WORK TASK: Repeat the data that follows verbatim. Images are not part of the copy.

==================================================

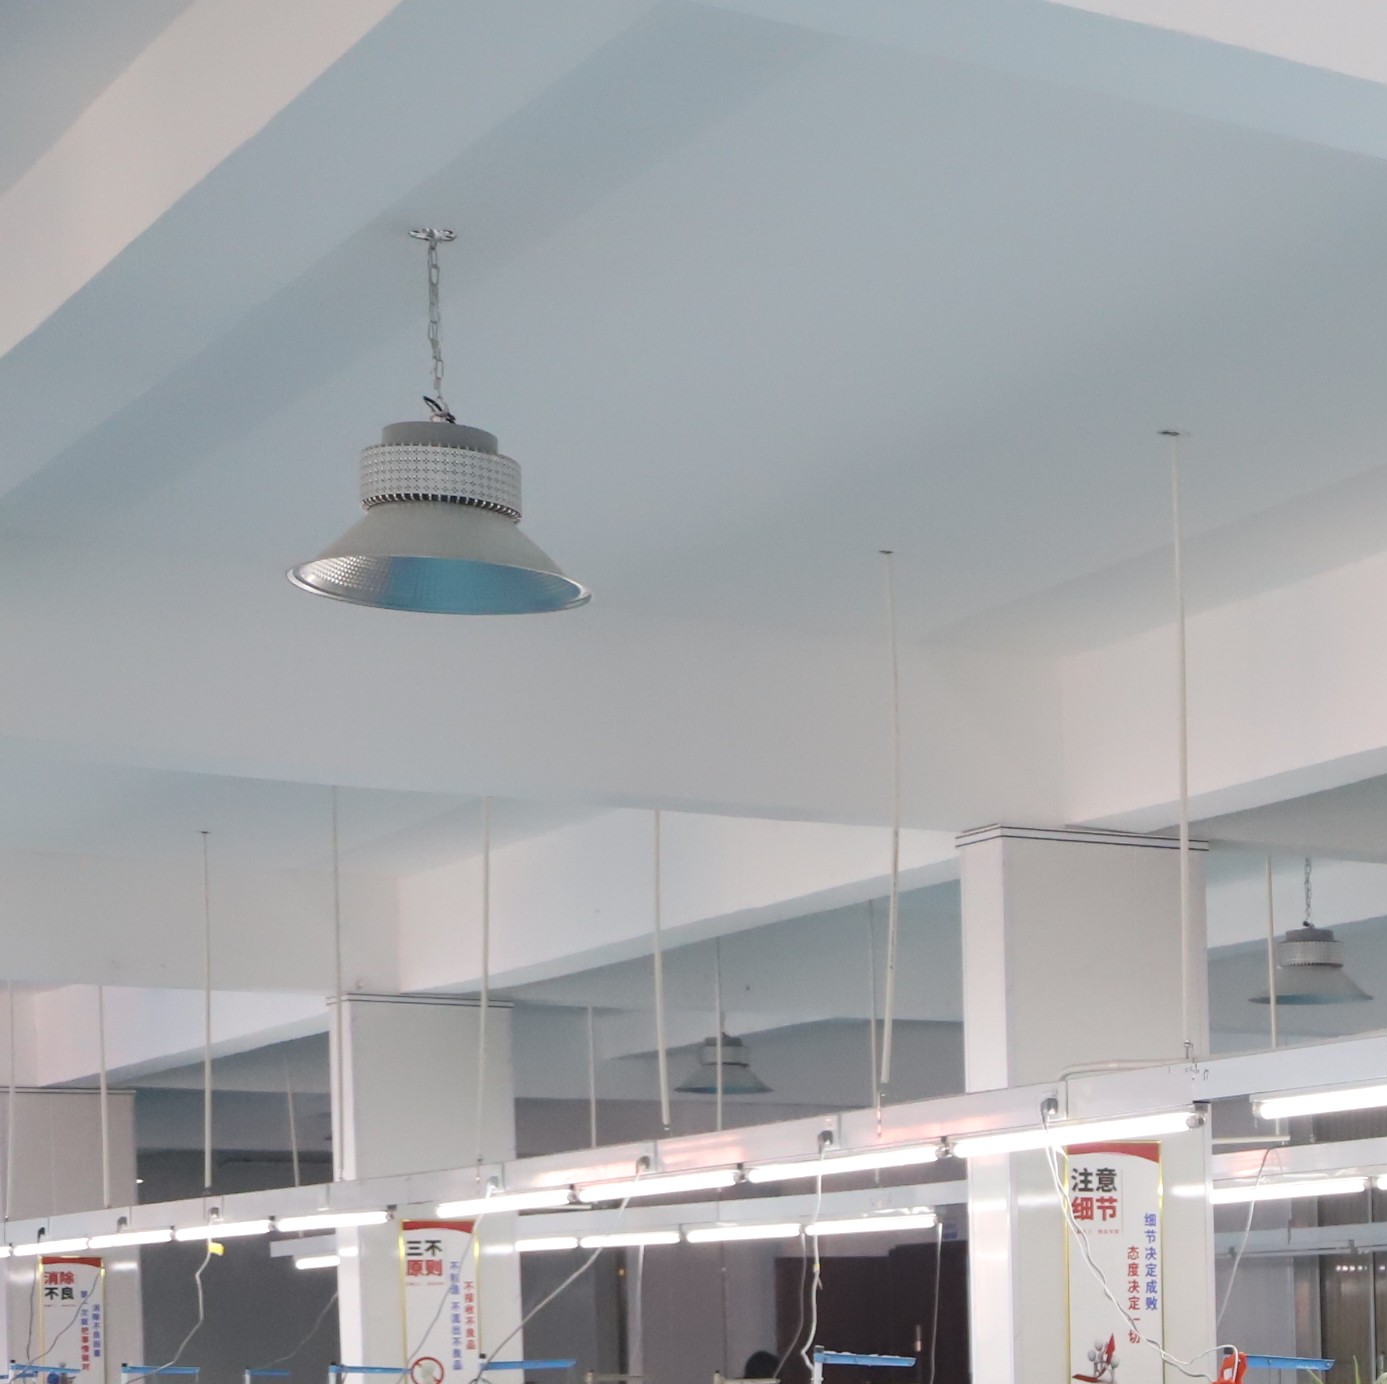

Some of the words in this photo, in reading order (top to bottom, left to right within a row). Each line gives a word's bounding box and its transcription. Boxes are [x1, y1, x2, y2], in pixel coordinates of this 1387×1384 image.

[1071, 1167, 1117, 1193] 注意
[1071, 1196, 1118, 1222] 细节
[406, 1240, 442, 1256] 三不
[407, 1259, 443, 1276] 原则
[1144, 1213, 1158, 1311] 细节决定成败
[44, 1271, 74, 1285] 消除
[44, 1287, 74, 1300] 不良
[1127, 1246, 1141, 1344] 态度决定一切
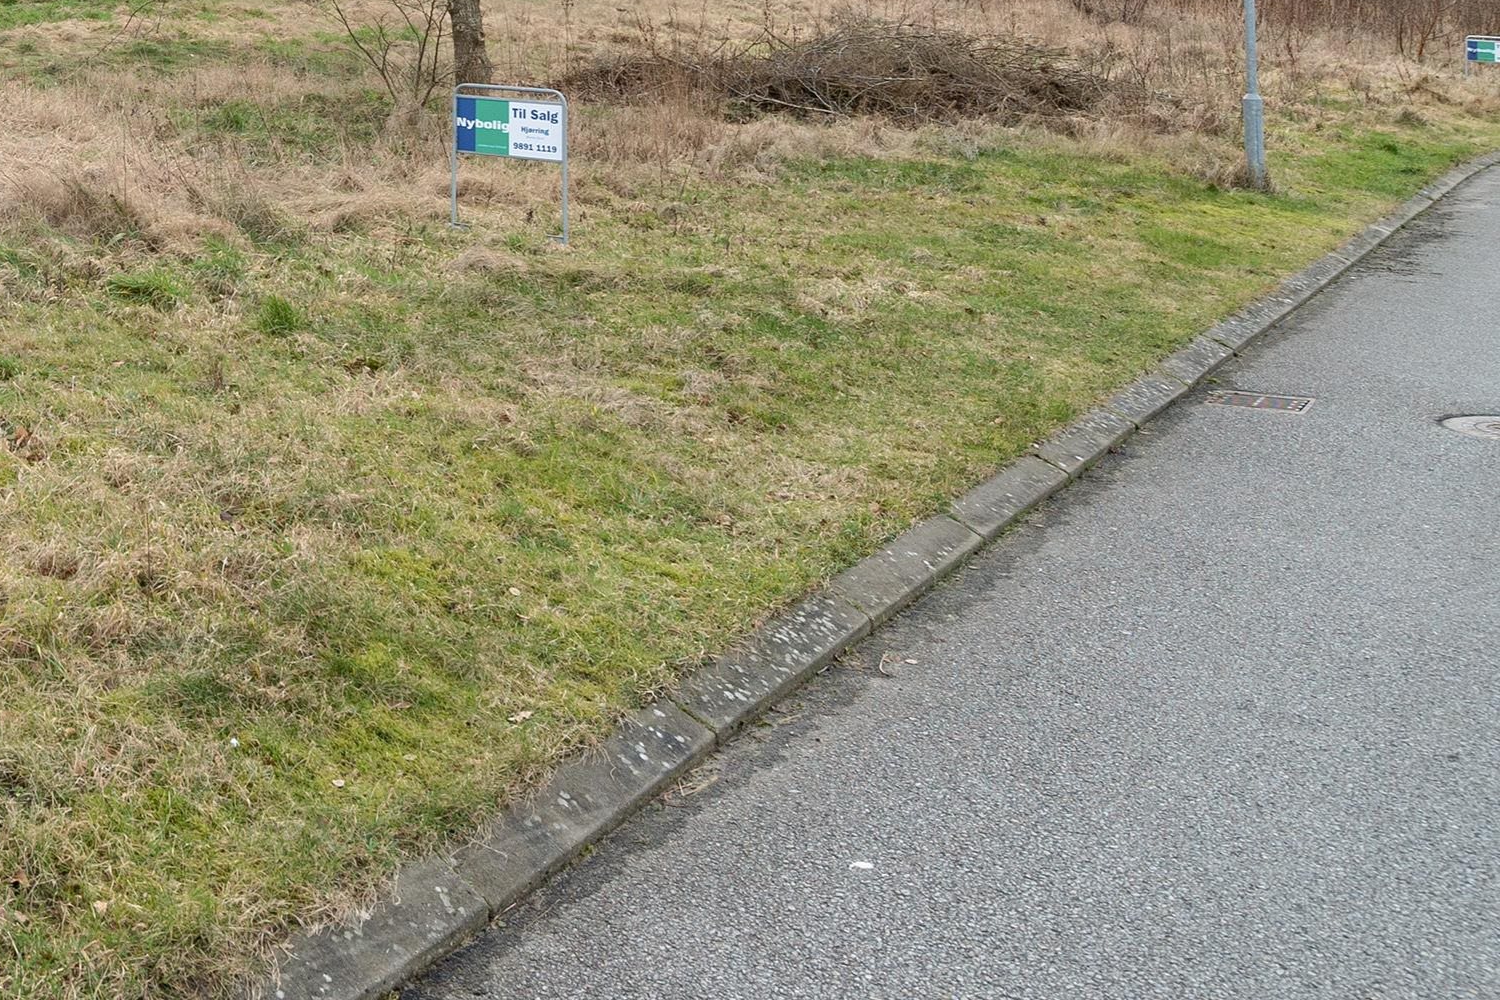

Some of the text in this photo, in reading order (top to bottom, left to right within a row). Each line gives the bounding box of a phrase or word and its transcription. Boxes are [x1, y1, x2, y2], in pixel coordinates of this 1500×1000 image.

[512, 108, 558, 124] Til Salg
[456, 117, 509, 134] Nybolig
[521, 126, 550, 136] Hjørring
[513, 142, 557, 153] 9891 1119
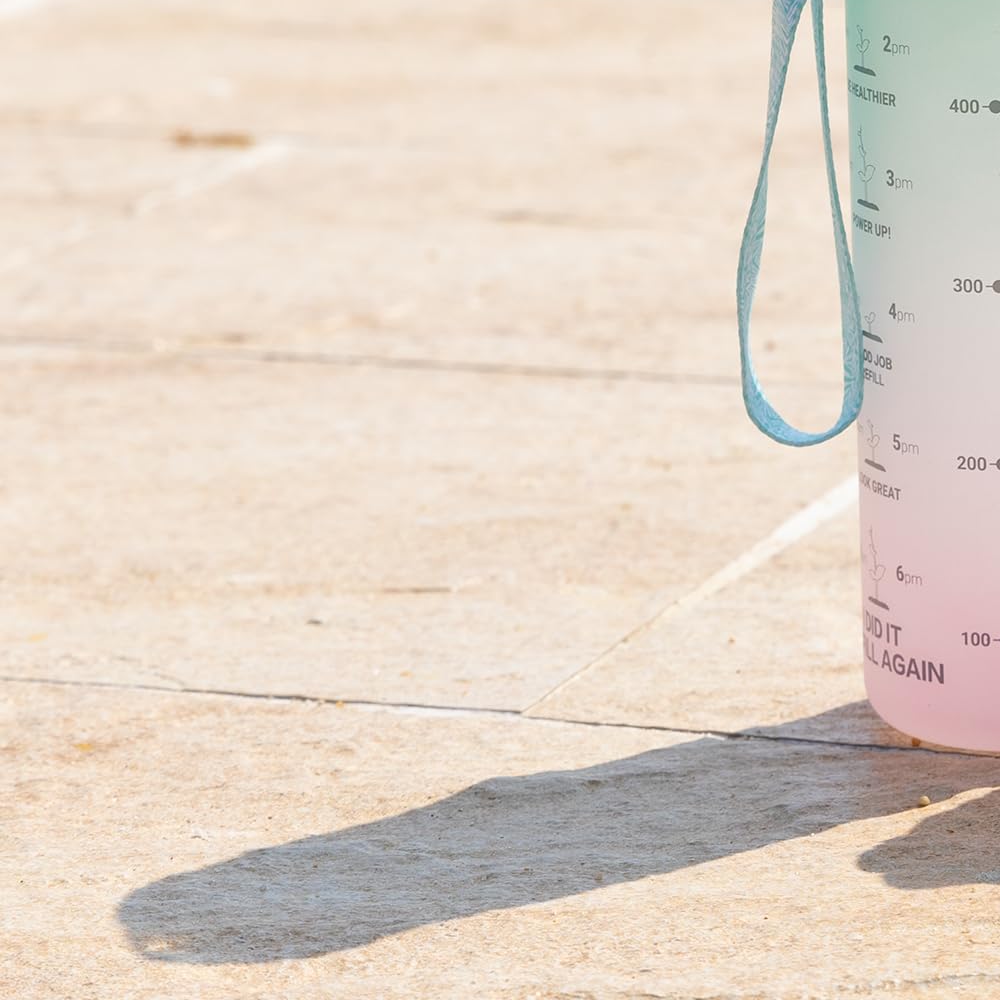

==================================================

RESULT:
Some of the words in this photo, in reading order (top to bottom, left to right within a row). Each line gives a word's bounding box and its transcription. Boxes are [x1, y1, x2, y2], in pixel coordinates of this 1387×1384 image.

[1071, 1167, 1117, 1193] 注意
[1071, 1196, 1118, 1222] 细节
[406, 1240, 442, 1256] 三不
[407, 1259, 443, 1276] 原则
[1144, 1213, 1158, 1311] 细节决定成败
[44, 1271, 74, 1285] 消除
[44, 1287, 74, 1300] 不良
[1127, 1246, 1141, 1344] 态度决定一切

Some of the text in this photo, in reading order (top to bottom, left to right within a row). Each line gives the bounding box of a phrase or word and its transcription. Boxes are [x1, y1, x2, y2], in pixel coordinates of this 1500×1000 image.

[512, 108, 558, 124] Til Salg
[456, 117, 509, 134] Nybolig
[521, 126, 550, 136] Hjørring
[513, 142, 557, 153] 9891 1119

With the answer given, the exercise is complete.